Work instructions: Please reproduce all the records exactly while leaving out their pictures.

Phrase grounding data:
────────────────────────────────────────

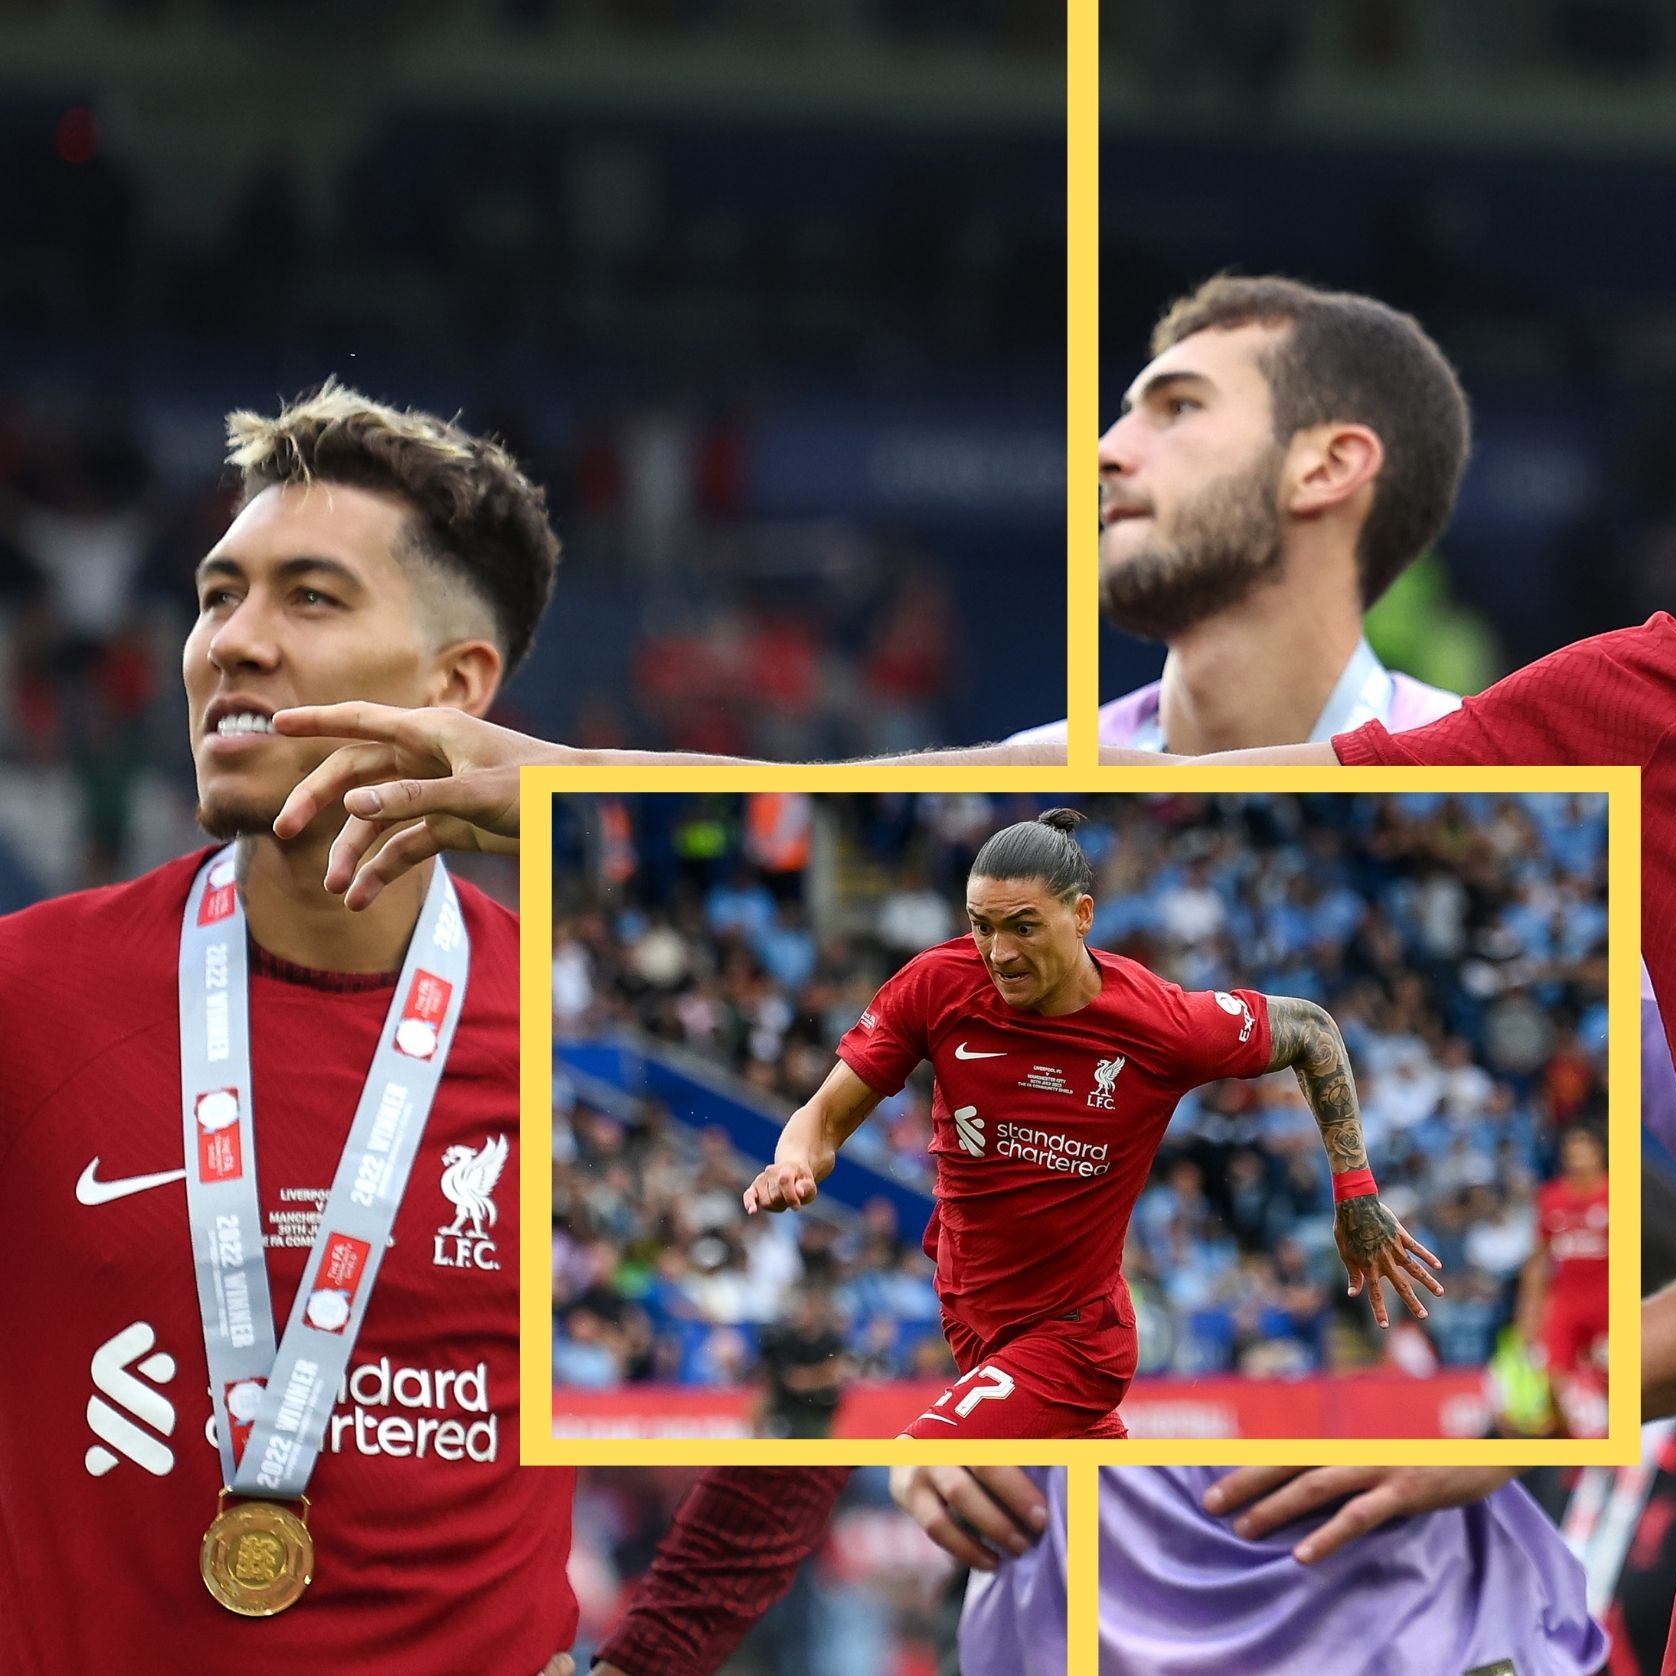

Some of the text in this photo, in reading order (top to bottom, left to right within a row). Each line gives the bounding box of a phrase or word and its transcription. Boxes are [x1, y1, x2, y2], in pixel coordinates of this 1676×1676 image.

[367, 1081, 408, 1153] WINNER
[1086, 1095, 1116, 1110] L.F.C.
[997, 1122, 1108, 1160] standard
[997, 1139, 1110, 1177] chartered
[280, 1188, 331, 1201] LIVERPO
[350, 1153, 385, 1208] 2022
[216, 1214, 243, 1270] 2022
[432, 1235, 501, 1271] L.F.C.
[223, 1271, 255, 1349] WINNER
[257, 1435, 293, 1490] 2022
[275, 1359, 320, 1433] WINNER

────────────────────────────────────────

Task solution:
Some of the text in this photo, in reading order (top to bottom, left to right within a row). Each line gives the bounding box of a phrase or word and its transcription. Boxes are [x1, y1, x2, y2], in pixel coordinates of this 1676×1676 image.

[367, 1081, 408, 1153] WINNER
[1086, 1095, 1116, 1110] L.F.C.
[997, 1122, 1108, 1160] standard
[997, 1139, 1110, 1177] chartered
[280, 1188, 331, 1201] LIVERPO
[350, 1153, 385, 1208] 2022
[216, 1214, 243, 1270] 2022
[432, 1235, 501, 1271] L.F.C.
[223, 1271, 255, 1349] WINNER
[257, 1435, 293, 1490] 2022
[275, 1359, 320, 1433] WINNER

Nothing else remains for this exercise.